中国の斉という国に、孟嘗君(もうしようくん)という人物が秦の王に投獄されていました。解放するために、王の愛人に懇願した所、孟嘗君が普段つけていた狐の毛皮と交換で解放するとしました。ですが、投獄する時に全て取られているため渡すことが出来ません。そこで犬のように盗みのうまい人間に盗ませて、愛人に献上し解放されました。解放され国に帰ろうとしましたが、気が変わり再度投獄される可能性もあります。そのため、早く帰るように動き、函谷関と呼ばれる門へ夜にたどり着きました。
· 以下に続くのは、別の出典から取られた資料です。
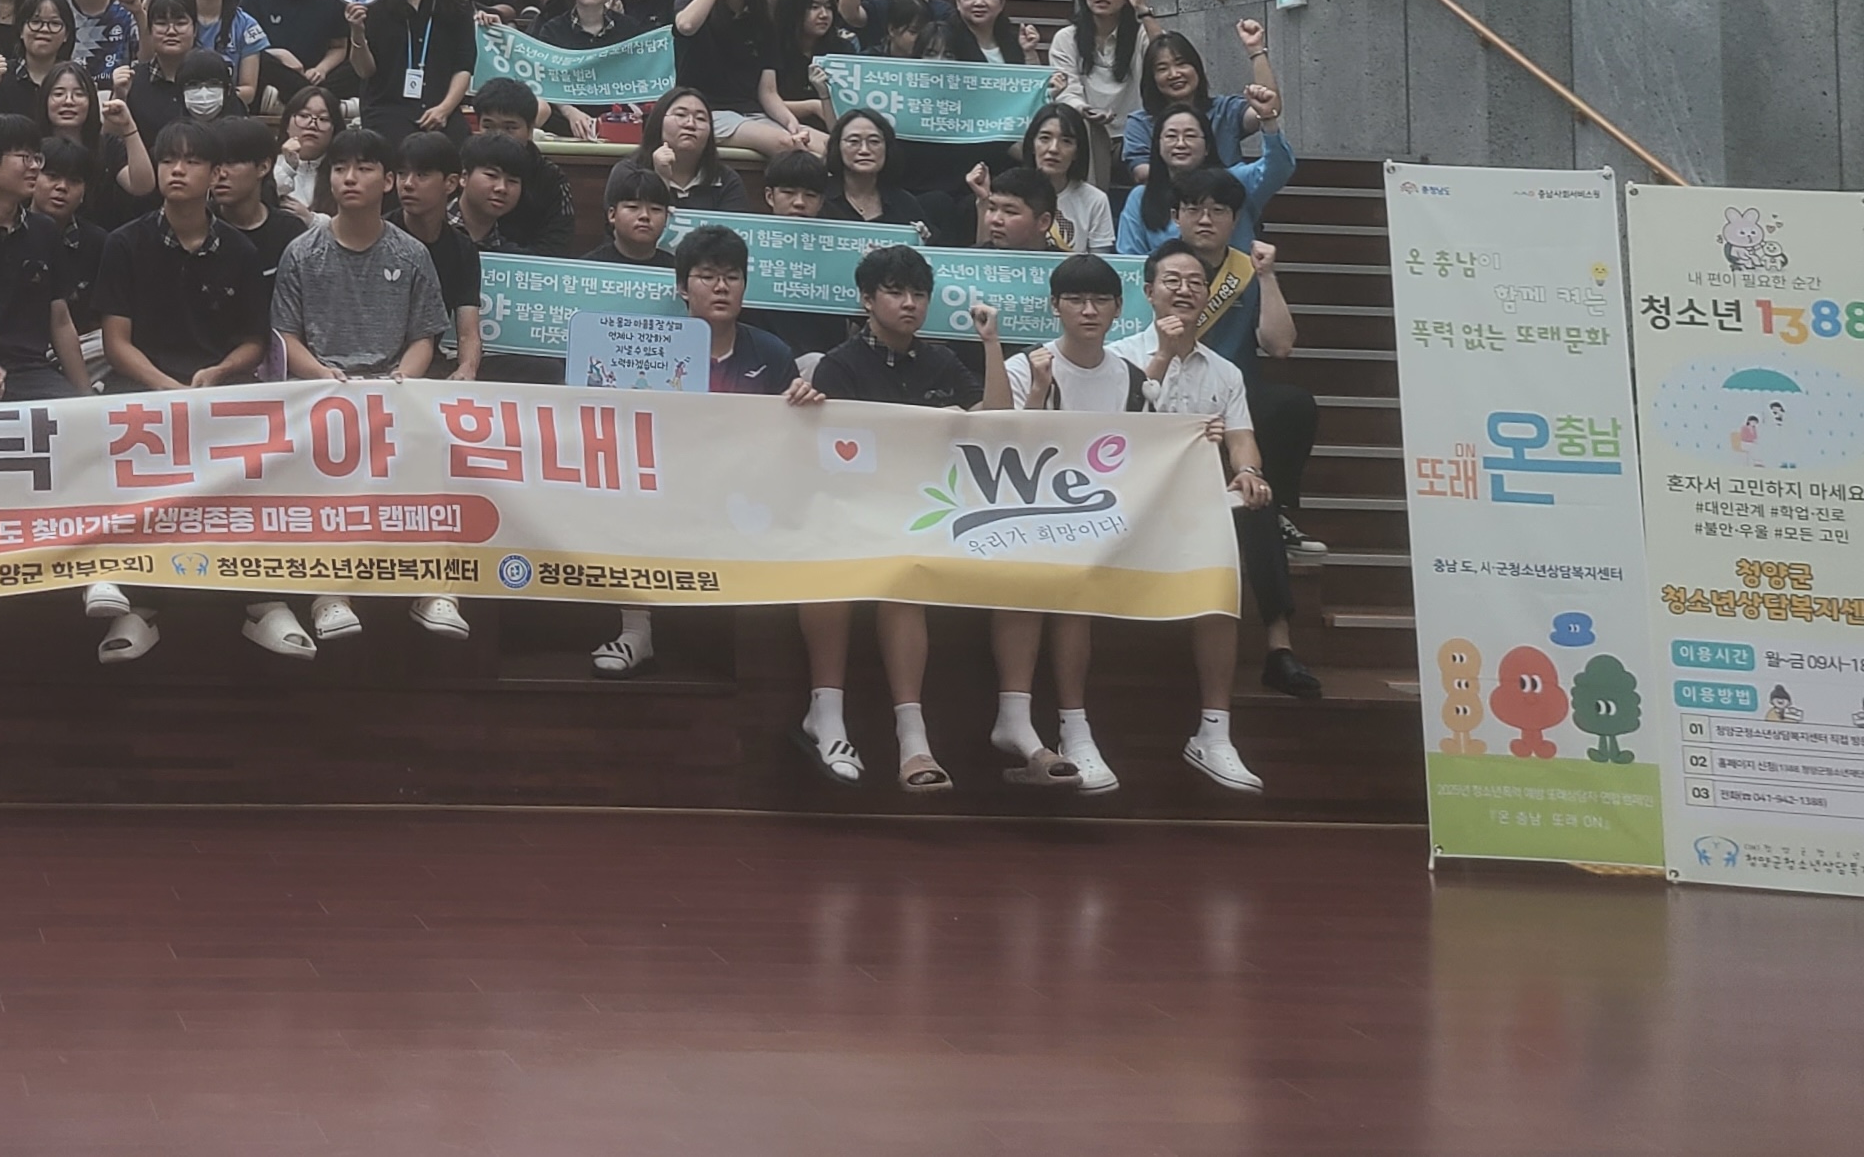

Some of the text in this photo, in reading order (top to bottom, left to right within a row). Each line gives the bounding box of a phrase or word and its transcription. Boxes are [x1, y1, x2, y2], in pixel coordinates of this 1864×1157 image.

[563, 81, 610, 96] 따뜻하게
[612, 80, 649, 95] 안아줄
[863, 70, 902, 84] 소년이
[905, 72, 944, 89] 힘들어
[946, 75, 960, 90] 할
[963, 75, 977, 90] 땐
[907, 98, 962, 116] 팔을 벌려
[921, 117, 1015, 134] 따뜻하게 안아줄
[757, 229, 834, 252] 힘들어 할 땐
[759, 259, 817, 279] 팔을 벌려
[1405, 248, 1501, 278] 온 충남이
[937, 264, 1046, 284] 소년이 힘들어 할
[1688, 272, 1822, 291] 내 편이 필요한 순간
[515, 271, 559, 291] 힘들어
[562, 275, 579, 293] 할
[581, 278, 597, 294] 땐
[600, 280, 678, 300] 또래상담자
[774, 281, 829, 301] 따뜻하게
[1020, 296, 1048, 312] 벌려
[1495, 284, 1546, 314] 함께
[515, 303, 547, 322] 팔을
[600, 317, 615, 327] 나는
[1641, 295, 1743, 332] 청소년
[1002, 315, 1060, 333] 따뜻하게
[608, 331, 672, 344] 언제나 건강하게
[1411, 319, 1454, 348] 폭력
[1462, 323, 1506, 352] 없는
[634, 346, 642, 354] 수
[644, 346, 666, 358] 있도록
[610, 357, 669, 371] 노력하겠습니다!
[107, 393, 396, 488] 친구야
[439, 397, 658, 492] 힘내!
[1554, 414, 1622, 458] 충남
[1416, 411, 1622, 505] 또래 온
[1666, 474, 1864, 501] 혼자서 고민하지 마세요
[1696, 501, 1765, 517] #대인관계
[31, 514, 137, 542] 찾아가는
[142, 503, 254, 535] [생명존중
[262, 505, 314, 533] 마음
[319, 505, 371, 533] 허그
[378, 503, 461, 534] 캠페인]
[969, 515, 1128, 556] 우리가 희망이다!
[1774, 527, 1813, 542] #모든
[1820, 529, 1849, 544] 고민
[217, 555, 479, 583] 청양군청소년상담복지센터
[1433, 559, 1457, 573] 충남
[1736, 558, 1813, 590] 청양군
[538, 563, 720, 592] 청양군보건의료원
[1679, 646, 1749, 665] 이용시간
[1682, 686, 1751, 705] 이용방법
[1689, 723, 1703, 735] 01
[1689, 756, 1707, 767] 02
[1692, 787, 1709, 799] 03
この門は夜間閉じられているため、どうにかして開けなければなりません。そこで鶏の鳴きまねがうまい人間に鶏の真似をさせました。そうするとその声につられて鶏が泣き始めて門が開きました。そして再度捕まることなく孟嘗君は逃げきれた。という話から「鶏鳴狗盗」という言葉が生まれました。

鶏鳴狗盗の文章・例文

例文1.友達が一発芸と言いネタを見せてきたが、あまりにも鶏鳴狗盗で無視をした。
例文2.世界のどこかにいる誰かに喜んでもらえるかもしれないため、この鶏鳴狗盗な芸を磨き続けたい。
例文3.お酒が入ると鶏鳴狗盗なことをしてしまう。
例文4.周りに理解がされず鶏鳴狗盗と言われながら開発をしたが、時が経ち技術が発展し開発したものが必要とされ、評価が180°変わった。
例文5.私がネタを行うと鶏鳴狗盗と言われるが、イケメンが同じことをするともてはやされて納得がいかない。
様々な「鶏鳴狗盗」についての例文となります。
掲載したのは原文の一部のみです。